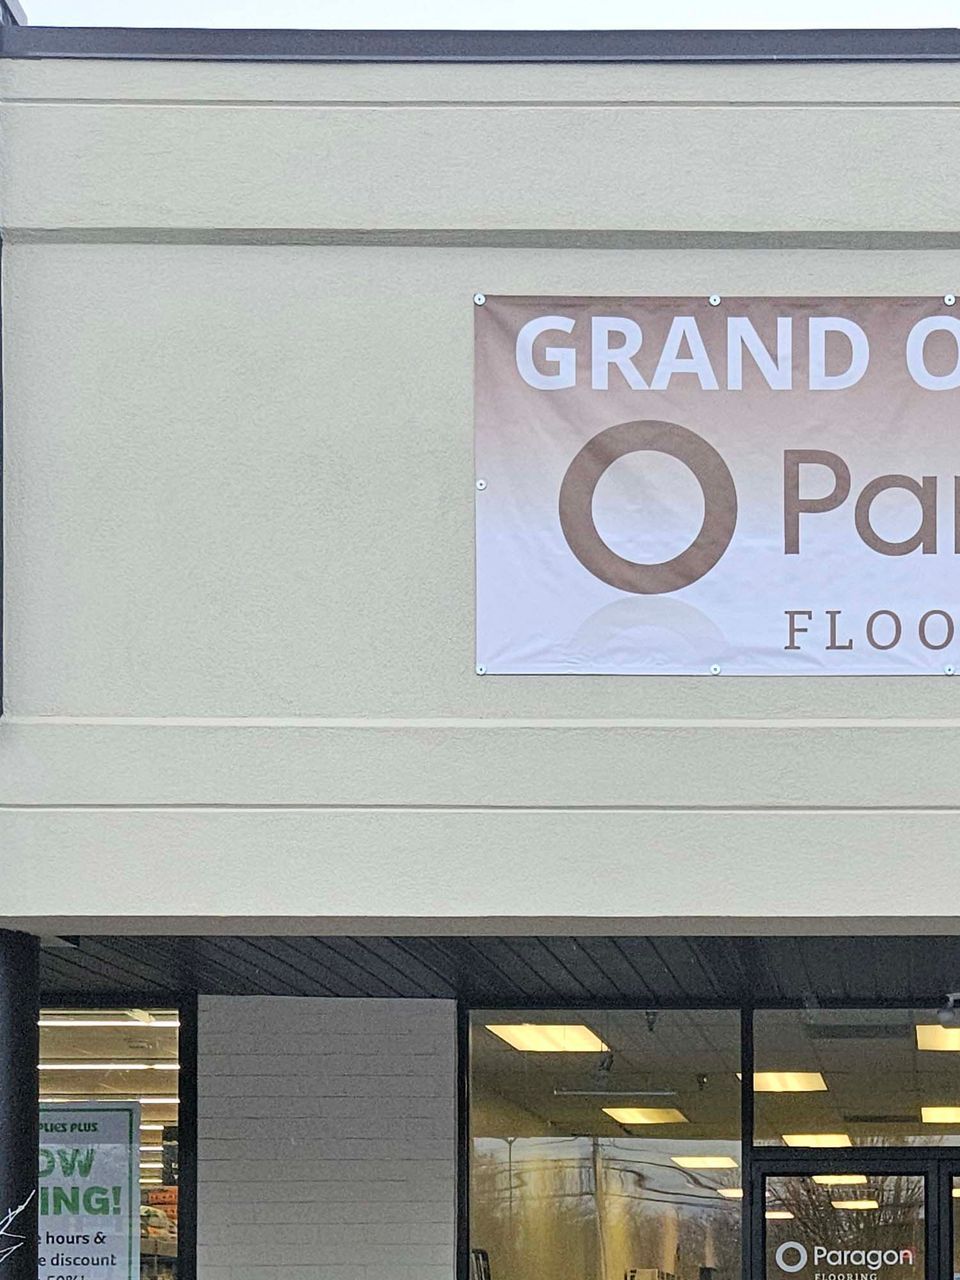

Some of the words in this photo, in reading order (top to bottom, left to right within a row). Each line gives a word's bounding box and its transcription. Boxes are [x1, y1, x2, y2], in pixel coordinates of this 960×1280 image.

[513, 315, 870, 391] GRAND
[70, 1122, 98, 1133] PLUS
[40, 1186, 122, 1216] ING!
[46, 1231, 90, 1245] hours
[94, 1231, 107, 1245] &
[50, 1253, 117, 1267] discount
[813, 1246, 913, 1270] Paragon

● **WHAT YOU SHOULD DO**: Restate all the material verbatim; omit every picture.

● **WRITTEN ANSWER**:
Some of the words in this photo, in reading order (top to bottom, left to right within a row). Each line gives a word's bounding box and its transcription. Boxes are [x1, y1, x2, y2], in pixel coordinates of this 960×1280 image.

[513, 315, 870, 391] GRAND
[70, 1122, 98, 1133] PLUS
[40, 1186, 122, 1216] ING!
[46, 1231, 90, 1245] hours
[94, 1231, 107, 1245] &
[50, 1253, 117, 1267] discount
[813, 1246, 913, 1270] Paragon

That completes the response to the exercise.